Survey results also showed a lack of support for additional early childhood spaces, which is not planned to be part of the upcoming referendum. Respondents did, however, show support for funding maintenance projects—like a new roof and updates to several exterior doors and windows—and additional elementary and vocational class spaces. Vocational programs include hands-on learning classes like culinary arts, welding and woodworking.
Lastly, Superintendent Mike Malmberg said the survey showed support of separating the issues into two referendum questions—one to deal with additions and maintenance and one to deal with the auditorium—and having another vote as soon as possible.
Back to the drawing board
In November, school board members and district officials met for a workshop to discuss the survey results and how to move forward. The ultimate result was a new two-question, $14.39 million referendum.
Officials recently presented the revised plan to a 30-person task force made up of residents, business owners, parents, grandparents, farmers and city and county officials. All task force members but one suggested the district take the new plan before voters May 14. A spring election, Malmberg said during a Tuesday, Jan. 29, interview, is the soonest the district could put a new plan together. If the questions pass during a spring election, the district can then go out for project bids in the fall and begin construction the following spring.
The first of two referendum questions—estimated at $8.4 million—will focus on fixing maintenance issues and adding classroom and vocational learning spaces.
A new roof for the elementary and middle school wings of the K-12 building is among the building’s most pressing needs. The high school wing was built via referendum in 2011, but the school’s current performance stage dates back to 1940, and other sections of the middle and elementary areas were either built or updated in the ’90s.
Because of the building’s age, sections of the roof previously patched now need to be replaced altogether, Malmberg said. Some exterior windows and doors also need replacing, and some brick and mortar work needs to be done on the outside of the building.
In the elementary area, four additional classrooms are included in the first question, along with a music room, technology room, special education rooms, one flex classroom to be used as needed, a new health clerk office by the front entrance and an expanded entrance hallway. Bathrooms and two classrooms would also see updates and additions.

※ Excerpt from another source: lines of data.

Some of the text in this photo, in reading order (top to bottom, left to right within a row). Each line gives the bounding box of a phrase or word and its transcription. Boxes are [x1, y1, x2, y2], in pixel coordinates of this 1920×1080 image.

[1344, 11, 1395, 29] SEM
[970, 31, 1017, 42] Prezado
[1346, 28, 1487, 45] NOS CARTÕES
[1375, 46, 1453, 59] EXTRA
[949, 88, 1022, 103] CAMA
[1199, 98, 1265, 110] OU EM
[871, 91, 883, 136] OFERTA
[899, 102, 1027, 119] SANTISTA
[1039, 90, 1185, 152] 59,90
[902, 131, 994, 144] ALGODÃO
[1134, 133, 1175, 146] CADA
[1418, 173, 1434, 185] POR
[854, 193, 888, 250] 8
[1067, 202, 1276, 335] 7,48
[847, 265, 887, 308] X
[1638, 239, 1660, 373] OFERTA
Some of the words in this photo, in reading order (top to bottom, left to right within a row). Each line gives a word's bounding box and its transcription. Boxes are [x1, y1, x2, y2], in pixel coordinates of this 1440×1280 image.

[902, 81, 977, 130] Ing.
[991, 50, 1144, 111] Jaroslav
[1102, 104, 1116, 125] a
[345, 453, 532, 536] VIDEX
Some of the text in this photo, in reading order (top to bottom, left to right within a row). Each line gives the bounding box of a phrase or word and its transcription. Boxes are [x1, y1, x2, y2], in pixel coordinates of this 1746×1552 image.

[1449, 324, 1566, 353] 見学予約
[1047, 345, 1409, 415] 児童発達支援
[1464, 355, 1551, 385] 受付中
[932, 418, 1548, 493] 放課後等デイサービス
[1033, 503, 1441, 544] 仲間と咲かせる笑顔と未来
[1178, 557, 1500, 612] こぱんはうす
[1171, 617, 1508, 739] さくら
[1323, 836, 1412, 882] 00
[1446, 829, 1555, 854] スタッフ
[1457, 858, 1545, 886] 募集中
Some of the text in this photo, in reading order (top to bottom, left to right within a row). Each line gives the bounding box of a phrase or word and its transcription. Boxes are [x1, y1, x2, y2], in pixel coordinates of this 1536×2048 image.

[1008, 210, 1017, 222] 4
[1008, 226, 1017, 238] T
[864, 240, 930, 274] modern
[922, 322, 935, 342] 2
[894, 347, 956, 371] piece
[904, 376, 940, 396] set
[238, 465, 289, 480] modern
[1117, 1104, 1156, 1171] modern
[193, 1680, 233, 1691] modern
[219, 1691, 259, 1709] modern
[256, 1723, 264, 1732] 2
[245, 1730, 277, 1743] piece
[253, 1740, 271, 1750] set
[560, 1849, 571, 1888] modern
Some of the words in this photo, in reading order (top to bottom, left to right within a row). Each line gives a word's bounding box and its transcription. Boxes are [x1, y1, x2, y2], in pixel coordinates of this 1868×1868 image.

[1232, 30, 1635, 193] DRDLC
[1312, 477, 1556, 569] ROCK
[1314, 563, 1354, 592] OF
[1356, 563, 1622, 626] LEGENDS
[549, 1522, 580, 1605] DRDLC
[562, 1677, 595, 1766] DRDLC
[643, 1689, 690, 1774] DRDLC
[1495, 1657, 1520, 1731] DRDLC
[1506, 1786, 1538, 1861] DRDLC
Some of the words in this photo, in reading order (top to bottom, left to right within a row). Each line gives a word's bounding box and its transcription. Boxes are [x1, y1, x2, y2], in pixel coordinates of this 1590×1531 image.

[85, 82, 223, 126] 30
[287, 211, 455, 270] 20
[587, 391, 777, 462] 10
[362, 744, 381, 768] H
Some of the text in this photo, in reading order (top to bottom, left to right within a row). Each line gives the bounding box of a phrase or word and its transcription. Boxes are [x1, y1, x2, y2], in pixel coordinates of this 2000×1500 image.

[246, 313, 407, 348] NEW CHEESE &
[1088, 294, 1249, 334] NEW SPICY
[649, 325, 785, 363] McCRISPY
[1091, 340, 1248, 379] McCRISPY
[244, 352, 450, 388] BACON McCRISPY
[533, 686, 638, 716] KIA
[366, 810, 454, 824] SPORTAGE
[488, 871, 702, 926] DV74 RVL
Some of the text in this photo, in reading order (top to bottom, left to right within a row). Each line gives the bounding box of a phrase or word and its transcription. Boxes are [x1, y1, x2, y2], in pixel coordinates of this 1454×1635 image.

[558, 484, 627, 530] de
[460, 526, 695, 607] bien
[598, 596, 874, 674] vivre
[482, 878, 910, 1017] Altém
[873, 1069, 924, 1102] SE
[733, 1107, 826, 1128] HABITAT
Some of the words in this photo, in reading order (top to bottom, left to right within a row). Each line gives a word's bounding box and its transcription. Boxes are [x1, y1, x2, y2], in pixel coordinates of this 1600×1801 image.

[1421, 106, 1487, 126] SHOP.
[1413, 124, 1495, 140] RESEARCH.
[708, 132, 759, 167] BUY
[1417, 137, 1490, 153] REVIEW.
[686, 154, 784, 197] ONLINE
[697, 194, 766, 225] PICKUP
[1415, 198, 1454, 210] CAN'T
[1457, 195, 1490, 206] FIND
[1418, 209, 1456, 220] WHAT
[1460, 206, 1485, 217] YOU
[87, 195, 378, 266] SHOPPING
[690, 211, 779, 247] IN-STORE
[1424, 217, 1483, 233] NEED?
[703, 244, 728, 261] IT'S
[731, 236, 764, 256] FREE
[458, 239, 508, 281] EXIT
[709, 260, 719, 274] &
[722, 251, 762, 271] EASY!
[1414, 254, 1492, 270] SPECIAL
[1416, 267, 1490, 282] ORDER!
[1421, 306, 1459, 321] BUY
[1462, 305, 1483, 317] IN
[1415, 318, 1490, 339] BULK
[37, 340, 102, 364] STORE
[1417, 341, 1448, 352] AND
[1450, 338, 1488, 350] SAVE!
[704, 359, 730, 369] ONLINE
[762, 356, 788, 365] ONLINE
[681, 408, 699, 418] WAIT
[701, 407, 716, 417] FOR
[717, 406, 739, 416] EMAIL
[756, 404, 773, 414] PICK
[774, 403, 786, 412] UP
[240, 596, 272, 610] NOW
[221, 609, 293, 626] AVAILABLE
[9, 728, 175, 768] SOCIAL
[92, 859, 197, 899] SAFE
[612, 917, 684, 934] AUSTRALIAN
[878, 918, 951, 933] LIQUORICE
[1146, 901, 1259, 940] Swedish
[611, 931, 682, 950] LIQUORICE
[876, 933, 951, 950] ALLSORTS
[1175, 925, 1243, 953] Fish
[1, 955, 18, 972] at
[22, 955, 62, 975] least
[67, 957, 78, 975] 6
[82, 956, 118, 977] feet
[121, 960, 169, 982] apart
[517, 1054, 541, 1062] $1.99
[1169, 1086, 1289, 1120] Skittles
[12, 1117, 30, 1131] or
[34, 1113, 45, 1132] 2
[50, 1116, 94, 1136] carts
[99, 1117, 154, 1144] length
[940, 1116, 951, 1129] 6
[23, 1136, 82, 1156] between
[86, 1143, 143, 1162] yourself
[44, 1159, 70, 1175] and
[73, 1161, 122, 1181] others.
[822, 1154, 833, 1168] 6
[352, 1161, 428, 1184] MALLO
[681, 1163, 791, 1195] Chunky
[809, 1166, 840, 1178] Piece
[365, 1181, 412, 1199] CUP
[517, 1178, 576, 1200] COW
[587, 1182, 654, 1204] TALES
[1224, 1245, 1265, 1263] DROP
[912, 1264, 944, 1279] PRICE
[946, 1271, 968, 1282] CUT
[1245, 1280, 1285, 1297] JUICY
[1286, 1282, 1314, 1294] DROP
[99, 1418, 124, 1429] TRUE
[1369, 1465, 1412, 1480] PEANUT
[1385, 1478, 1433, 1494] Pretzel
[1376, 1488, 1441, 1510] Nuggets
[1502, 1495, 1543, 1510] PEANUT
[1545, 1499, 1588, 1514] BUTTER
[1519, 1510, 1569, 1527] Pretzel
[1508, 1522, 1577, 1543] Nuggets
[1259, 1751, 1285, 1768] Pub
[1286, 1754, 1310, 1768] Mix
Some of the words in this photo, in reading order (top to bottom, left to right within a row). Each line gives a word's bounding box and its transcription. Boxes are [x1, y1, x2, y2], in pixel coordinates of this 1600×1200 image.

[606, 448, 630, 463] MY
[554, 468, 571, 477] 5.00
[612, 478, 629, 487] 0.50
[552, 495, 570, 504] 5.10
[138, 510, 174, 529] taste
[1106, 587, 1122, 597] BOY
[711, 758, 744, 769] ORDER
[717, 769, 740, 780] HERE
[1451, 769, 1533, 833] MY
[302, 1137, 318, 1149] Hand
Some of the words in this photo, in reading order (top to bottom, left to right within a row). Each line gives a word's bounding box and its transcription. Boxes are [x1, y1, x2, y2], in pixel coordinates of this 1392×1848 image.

The middle school would regain two classrooms now being used at the elementary level. It would also see its special education areas updated and remodeled and an added teacher work area to free up classrooms to use during prep hours.
Question 1 would include several additions and updates for the district’s vocational services programs as well.
The current bus garage—which Malmberg said has been used as a storage space for years—would be transformed into a woodworking classroom, giving the metal and auto area more space and room for updates. The ProStart culinary program would see three new commercial kitchens, and a makerspace flexible classroom would be created in the media center to be used for additional programming. An online learning lab would also be created.
The second question, which is contingent on Question 1 and cannot be passed on its own, deals with the creation of a 350-seat performing arts auditorium in the high school wing for $5.9 million. Pillager currently has a cafetorium—that is, a stage built in to the elementary school cafeteria. During a previous interview, Malmberg said the area doesn’t provide adequate lighting and seating for shows or storage space for performing arts programs.
“Auditoriums are sometimes thought of wants versus needs, but I don’t know if that’s so much the case anymore,” Malmberg said. “There’s several districts in our area that have either asked for one or just passed one or are asking for one, and we don’t have one.”
Last April, the voters in the Brainerd School District approved a referendum question asking for a 1,200-seat auditorium. Pequot Lakes, Aitkin, Crosby-Ironton and Staples-Motley also have auditoriums.
“It’s going to be used every day,” Malmberg said of the proposed auditorium. “I don’t think people understand … the use that you’d have with it throughout the day, not just for plays and musicals and concerts.”
The school has a summer theater program and a fiddlers contest Malmberg said could make use of the auditorium, and it could invite touring groups to play shows in Pillager, as well or provide space for political caucuses.
“There’s lot of different things,” he said.
Though the revised referendum costs more than the failed 2017 plan estimated at $13.2 million, the tax impact to voters this time around is lower, Malmberg explained, as the district’s net tax capacity has increased by 11 percent since the last vote.
If voters approve both questions, property owners will see the following tax increases:
• $100,000 home—about $3.40 a month, or $41 a year.
• $150,000 home—about $6 a month, or $72 a year.
• $300,000 home—about $13.80 a month, or $166 a year.
• $100,000 commercial property—about $7 a month, or $86 a year.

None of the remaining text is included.